Es eso a lo que previamente se le había denominado “heterocurioso”, un concepto más cercano a la teoría ‘Queer’, desde la cual podríamos hablar, por ejemplo, de la fluidez de las relaciones genitales sin necesidad de etiquetarnos ni incluirnos en ningún grupo.

Por otra parte, vale la pena recordar que, en ocasiones por experimentar en su sexualidad, primordialmente en la pubertad y adolescencia es bastante habitual, la experimentación tanto con personas del mismo como de diferente sexo, del mismo rango de edad y de manera consentida. Esto ocurre, generalmente, en el proceso de definición de la orientación sexual y la identidad orientación sexual. En la mayoría de las situaciones es tan sólo por investigar y curiosear, pero sin la intención de ir más allá en la relación ni siquiera repetir o enamorarse.

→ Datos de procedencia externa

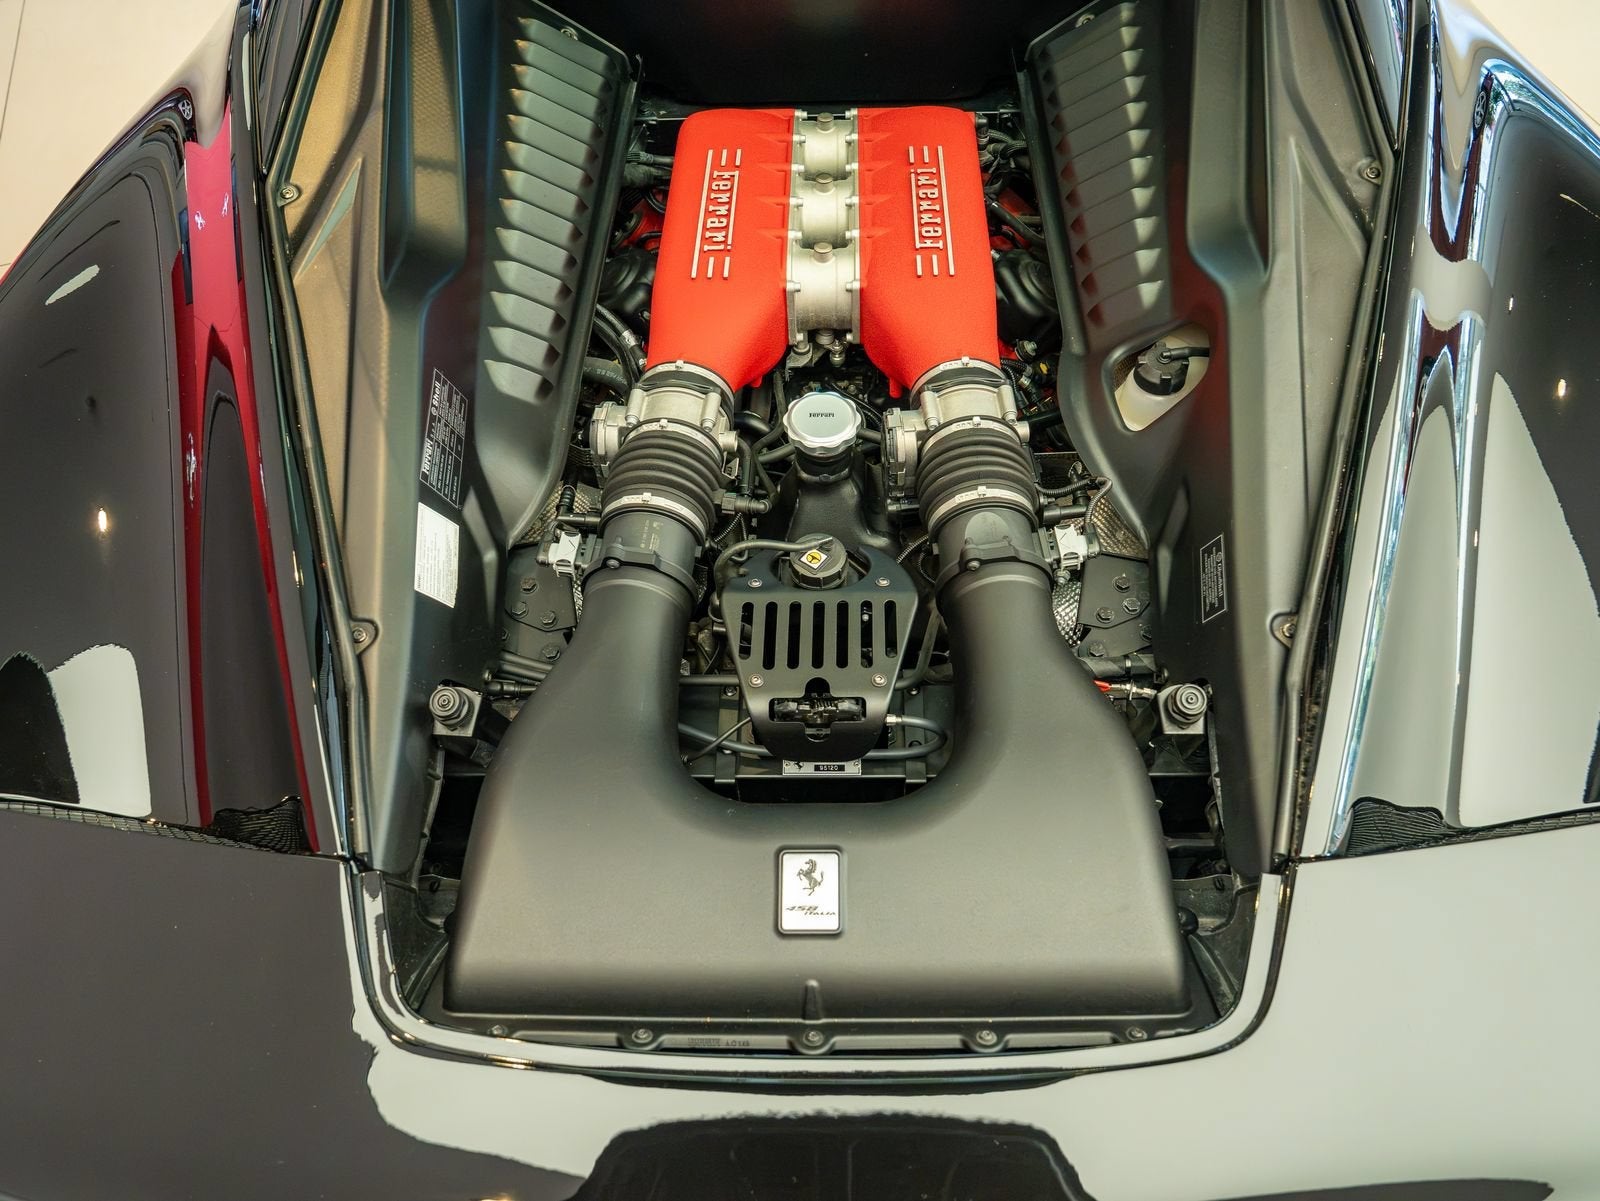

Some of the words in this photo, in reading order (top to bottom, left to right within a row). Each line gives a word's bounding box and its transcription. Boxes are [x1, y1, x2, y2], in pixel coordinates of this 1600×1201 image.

Para muchos líderes de los sectores gay el ‘Bud-Sex‘ presenta un conflicto en su lucha por el reconocimiento de las identidades sexuales, pero también habría que comprenderse que esta es una apreciación centrada en un pensamiento binario, en el que las personas pueden ser o no ser. Desde esta perspectiva toda homogenitalidad sería necesariamente homosexual.

Sin embargo, hilando un poco más fino, tendría que negarse también lo que ya hemos explicado sobre la construcción identitaria en la adolescencia, pero que no necesariamente se restringe a este grupo etario, porque también puede suceder en personas mayores.

Cabe anotar, además, que las mujeres también practican el ‘Bud-Sex‘, aun cuando este artículo se centra específicamente en las relaciones genitales entre hombres biológicos.